[Task to complete] Starting from the line in which "this 1728×1152 image." appears, output every line down to the last line of the data below, exactly and without anything more.

#####

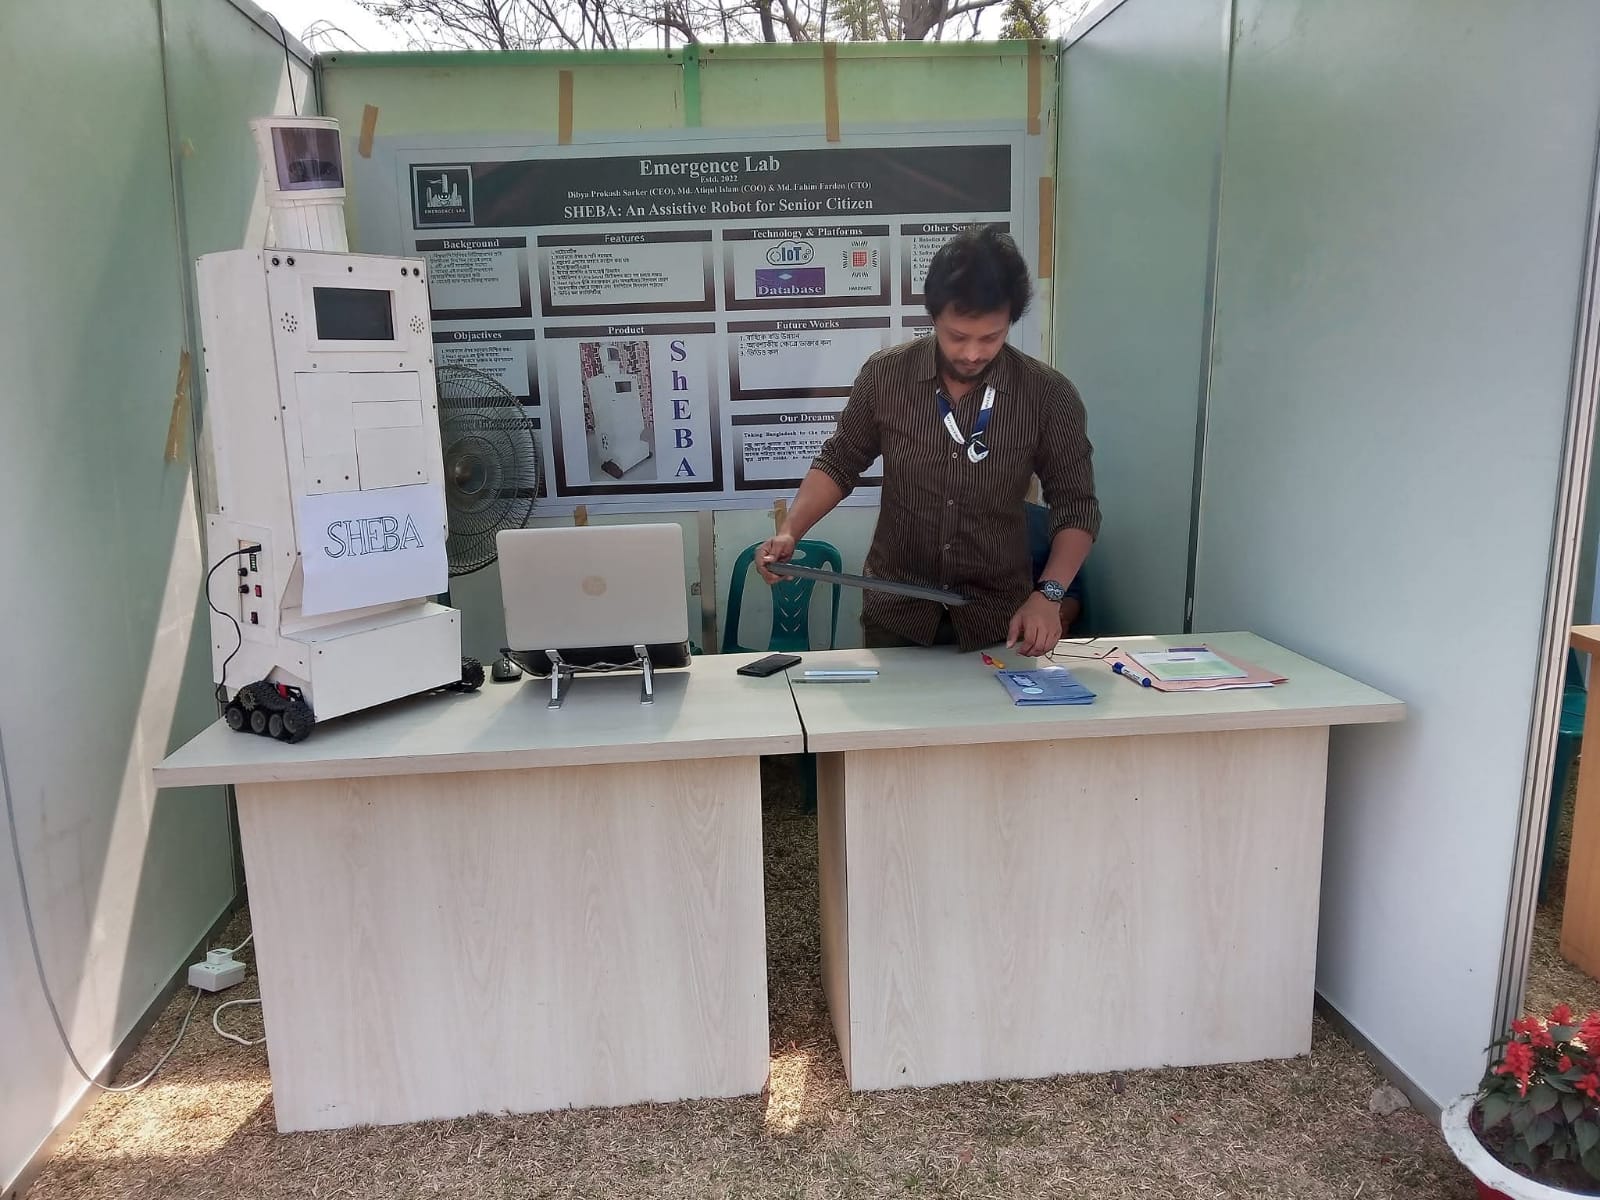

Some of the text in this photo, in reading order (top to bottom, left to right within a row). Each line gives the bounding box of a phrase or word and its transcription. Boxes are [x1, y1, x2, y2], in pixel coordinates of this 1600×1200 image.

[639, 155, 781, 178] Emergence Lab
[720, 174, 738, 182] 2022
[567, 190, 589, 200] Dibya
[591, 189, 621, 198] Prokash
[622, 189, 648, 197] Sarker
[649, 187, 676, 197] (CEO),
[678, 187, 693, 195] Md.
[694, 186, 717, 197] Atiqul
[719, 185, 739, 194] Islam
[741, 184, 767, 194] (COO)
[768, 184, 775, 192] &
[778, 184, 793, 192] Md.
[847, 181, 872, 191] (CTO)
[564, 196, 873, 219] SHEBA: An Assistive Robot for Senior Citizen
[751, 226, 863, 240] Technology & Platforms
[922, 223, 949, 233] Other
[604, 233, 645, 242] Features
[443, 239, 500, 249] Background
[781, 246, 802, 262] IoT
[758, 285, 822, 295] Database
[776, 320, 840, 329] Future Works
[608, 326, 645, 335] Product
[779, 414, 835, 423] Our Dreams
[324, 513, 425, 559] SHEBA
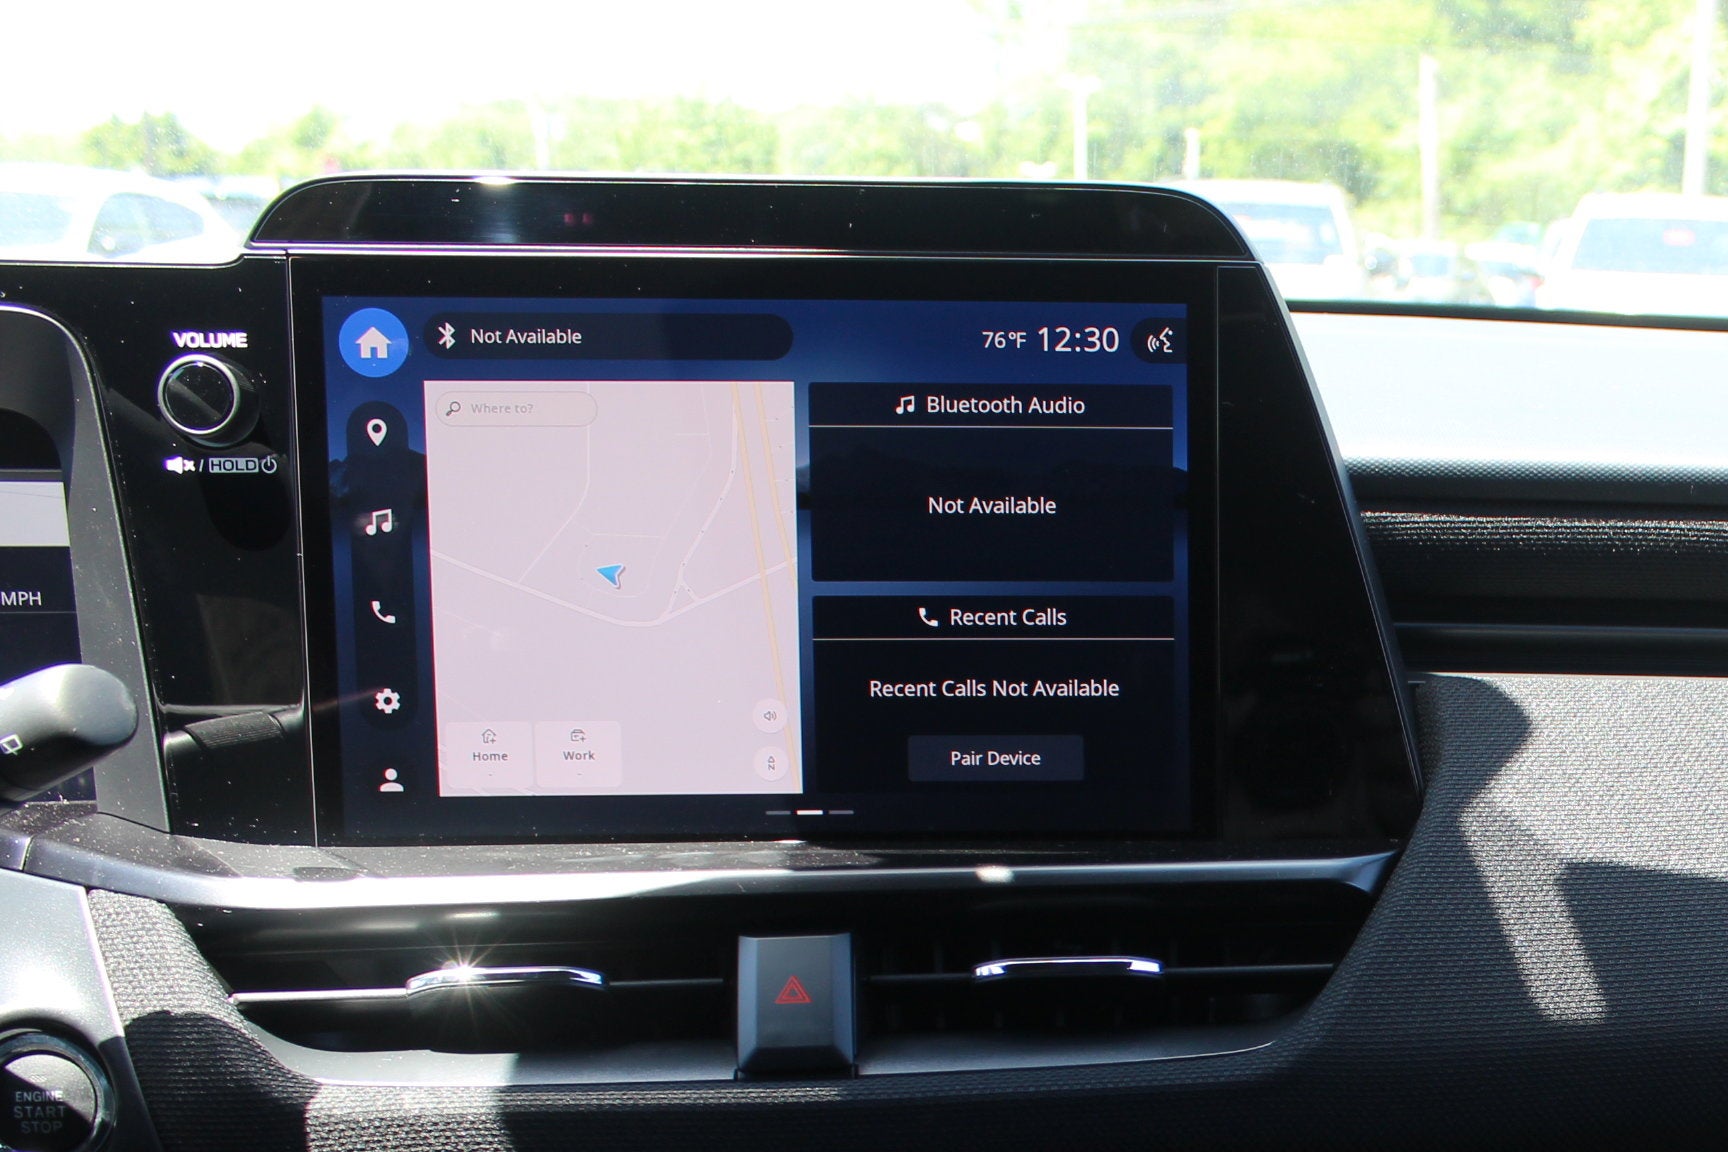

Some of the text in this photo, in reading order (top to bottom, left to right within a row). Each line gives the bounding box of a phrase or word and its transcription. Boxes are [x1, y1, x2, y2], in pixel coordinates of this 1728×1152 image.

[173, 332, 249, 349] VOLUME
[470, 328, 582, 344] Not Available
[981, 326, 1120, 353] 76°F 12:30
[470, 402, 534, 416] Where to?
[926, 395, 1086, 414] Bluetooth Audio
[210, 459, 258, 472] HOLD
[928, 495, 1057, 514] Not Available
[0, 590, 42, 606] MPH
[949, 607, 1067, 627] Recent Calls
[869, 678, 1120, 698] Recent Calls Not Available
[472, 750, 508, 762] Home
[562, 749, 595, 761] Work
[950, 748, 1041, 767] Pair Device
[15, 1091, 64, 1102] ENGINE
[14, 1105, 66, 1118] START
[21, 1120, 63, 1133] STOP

#####

[Result of the exercise]
Some of the text in this photo, in reading order (top to bottom, left to right within a row). Each line gives the bounding box of a phrase or word and its transcription. Boxes are [x1, y1, x2, y2], in pixel coordinates of this 1728×1152 image.

[173, 332, 249, 349] VOLUME
[470, 328, 582, 344] Not Available
[981, 326, 1120, 353] 76°F 12:30
[470, 402, 534, 416] Where to?
[926, 395, 1086, 414] Bluetooth Audio
[210, 459, 258, 472] HOLD
[928, 495, 1057, 514] Not Available
[0, 590, 42, 606] MPH
[949, 607, 1067, 627] Recent Calls
[869, 678, 1120, 698] Recent Calls Not Available
[472, 750, 508, 762] Home
[562, 749, 595, 761] Work
[950, 748, 1041, 767] Pair Device
[15, 1091, 64, 1102] ENGINE
[14, 1105, 66, 1118] START
[21, 1120, 63, 1133] STOP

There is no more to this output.